> **Work to complete**:
The response should contain all of the records, copied exactly, and none of the images.

-- Opening Marker --

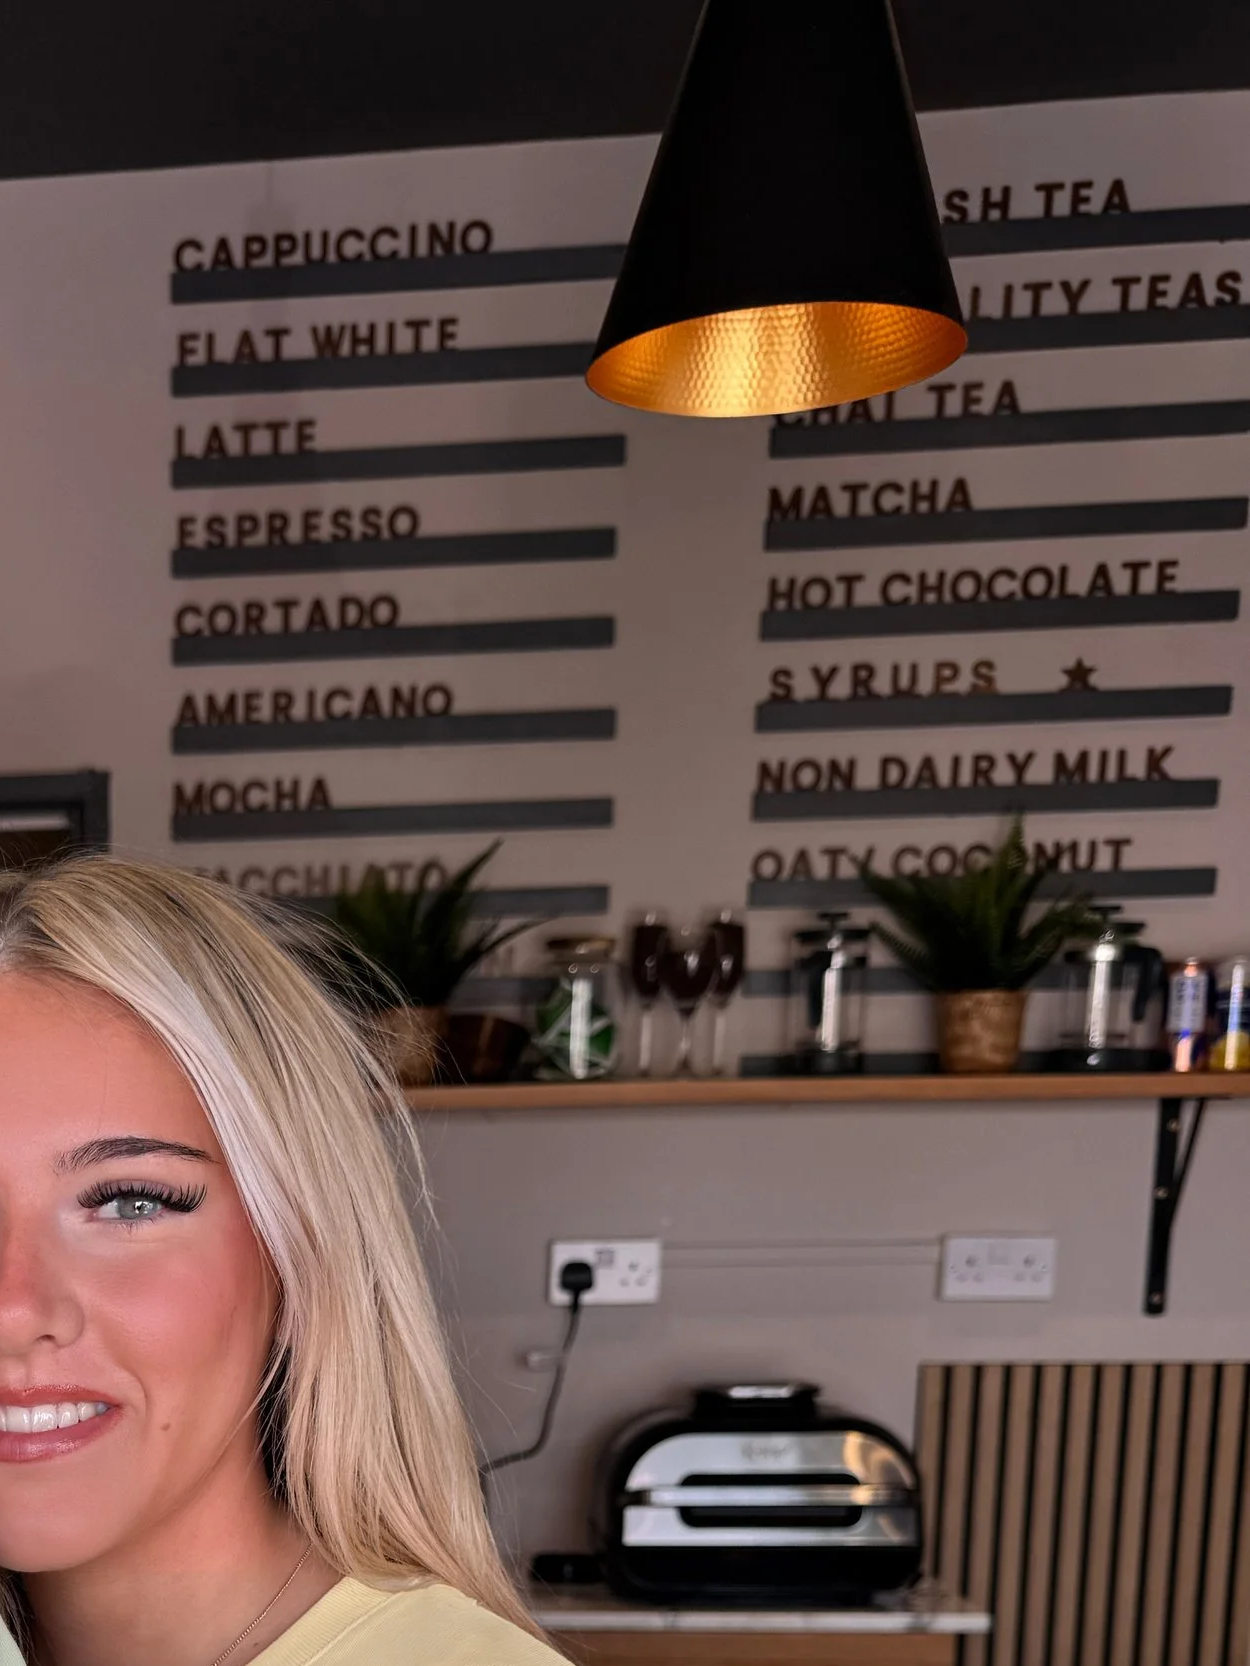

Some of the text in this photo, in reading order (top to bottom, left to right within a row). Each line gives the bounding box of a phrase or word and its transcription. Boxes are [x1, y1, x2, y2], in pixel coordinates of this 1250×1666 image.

[1034, 178, 1132, 219] TEA
[174, 219, 493, 273] CAPPUCCINO
[1112, 270, 1242, 313] TEAS
[177, 317, 460, 368] FLAT WHITE
[926, 380, 1021, 420] TEA
[174, 419, 317, 460] LATTE
[767, 477, 975, 521] MATCHA
[177, 505, 421, 550] ESPRESSO
[767, 559, 1179, 612] HOT CHOCOLATE
[173, 593, 400, 638] CORTADO
[768, 659, 1000, 702] SYRUPS
[175, 682, 454, 727] AMERICANO
[756, 745, 1176, 794] NON DAIRY MILK
[171, 775, 335, 816] MOCHA
[890, 837, 1133, 882] COCNUT

-- Closing Marker --

> **Response below**:
Some of the text in this photo, in reading order (top to bottom, left to right within a row). Each line gives the bounding box of a phrase or word and its transcription. Boxes are [x1, y1, x2, y2], in pixel coordinates of this 1250×1666 image.

[1034, 178, 1132, 219] TEA
[174, 219, 493, 273] CAPPUCCINO
[1112, 270, 1242, 313] TEAS
[177, 317, 460, 368] FLAT WHITE
[926, 380, 1021, 420] TEA
[174, 419, 317, 460] LATTE
[767, 477, 975, 521] MATCHA
[177, 505, 421, 550] ESPRESSO
[767, 559, 1179, 612] HOT CHOCOLATE
[173, 593, 400, 638] CORTADO
[768, 659, 1000, 702] SYRUPS
[175, 682, 454, 727] AMERICANO
[756, 745, 1176, 794] NON DAIRY MILK
[171, 775, 335, 816] MOCHA
[890, 837, 1133, 882] COCNUT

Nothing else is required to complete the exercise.